» **Aim of the exercise**
Transcribe the full listing below exactly.

******************************

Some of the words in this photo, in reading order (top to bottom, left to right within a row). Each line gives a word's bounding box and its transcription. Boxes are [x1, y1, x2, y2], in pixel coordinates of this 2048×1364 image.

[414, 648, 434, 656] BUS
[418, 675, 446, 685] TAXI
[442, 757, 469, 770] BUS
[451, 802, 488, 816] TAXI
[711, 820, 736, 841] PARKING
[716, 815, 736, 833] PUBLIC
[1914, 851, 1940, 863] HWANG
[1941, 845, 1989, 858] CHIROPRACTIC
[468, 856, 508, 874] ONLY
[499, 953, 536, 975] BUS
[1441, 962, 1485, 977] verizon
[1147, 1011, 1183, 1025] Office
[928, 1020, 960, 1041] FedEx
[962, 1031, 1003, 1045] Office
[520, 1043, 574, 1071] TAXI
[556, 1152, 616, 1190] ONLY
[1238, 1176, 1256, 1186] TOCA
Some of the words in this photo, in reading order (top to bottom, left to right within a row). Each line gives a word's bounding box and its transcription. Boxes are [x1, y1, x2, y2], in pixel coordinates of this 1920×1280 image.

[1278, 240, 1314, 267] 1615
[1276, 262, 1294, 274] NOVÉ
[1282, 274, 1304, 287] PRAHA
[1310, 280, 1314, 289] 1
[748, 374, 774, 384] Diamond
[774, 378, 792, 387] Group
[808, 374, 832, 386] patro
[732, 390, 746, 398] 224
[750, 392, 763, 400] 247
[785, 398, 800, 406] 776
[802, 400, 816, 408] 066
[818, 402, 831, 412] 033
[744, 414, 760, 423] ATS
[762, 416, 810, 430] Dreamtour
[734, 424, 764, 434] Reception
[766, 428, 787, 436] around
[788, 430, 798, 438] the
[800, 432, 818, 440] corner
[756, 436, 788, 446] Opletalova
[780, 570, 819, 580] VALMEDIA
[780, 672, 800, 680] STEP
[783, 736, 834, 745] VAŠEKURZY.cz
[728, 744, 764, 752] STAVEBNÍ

******************************

» **Result below**
Some of the words in this photo, in reading order (top to bottom, left to right within a row). Each line gives a word's bounding box and its transcription. Boxes are [x1, y1, x2, y2], in pixel coordinates of this 2048×1364 image.

[414, 648, 434, 656] BUS
[418, 675, 446, 685] TAXI
[442, 757, 469, 770] BUS
[451, 802, 488, 816] TAXI
[711, 820, 736, 841] PARKING
[716, 815, 736, 833] PUBLIC
[1914, 851, 1940, 863] HWANG
[1941, 845, 1989, 858] CHIROPRACTIC
[468, 856, 508, 874] ONLY
[499, 953, 536, 975] BUS
[1441, 962, 1485, 977] verizon
[1147, 1011, 1183, 1025] Office
[928, 1020, 960, 1041] FedEx
[962, 1031, 1003, 1045] Office
[520, 1043, 574, 1071] TAXI
[556, 1152, 616, 1190] ONLY
[1238, 1176, 1256, 1186] TOCA
Some of the words in this photo, in reading order (top to bottom, left to right within a row). Each line gives a word's bounding box and its transcription. Boxes are [x1, y1, x2, y2], in pixel coordinates of this 1920×1280 image.

[1278, 240, 1314, 267] 1615
[1276, 262, 1294, 274] NOVÉ
[1282, 274, 1304, 287] PRAHA
[1310, 280, 1314, 289] 1
[748, 374, 774, 384] Diamond
[774, 378, 792, 387] Group
[808, 374, 832, 386] patro
[732, 390, 746, 398] 224
[750, 392, 763, 400] 247
[785, 398, 800, 406] 776
[802, 400, 816, 408] 066
[818, 402, 831, 412] 033
[744, 414, 760, 423] ATS
[762, 416, 810, 430] Dreamtour
[734, 424, 764, 434] Reception
[766, 428, 787, 436] around
[788, 430, 798, 438] the
[800, 432, 818, 440] corner
[756, 436, 788, 446] Opletalova
[780, 570, 819, 580] VALMEDIA
[780, 672, 800, 680] STEP
[783, 736, 834, 745] VAŠEKURZY.cz
[728, 744, 764, 752] STAVEBNÍ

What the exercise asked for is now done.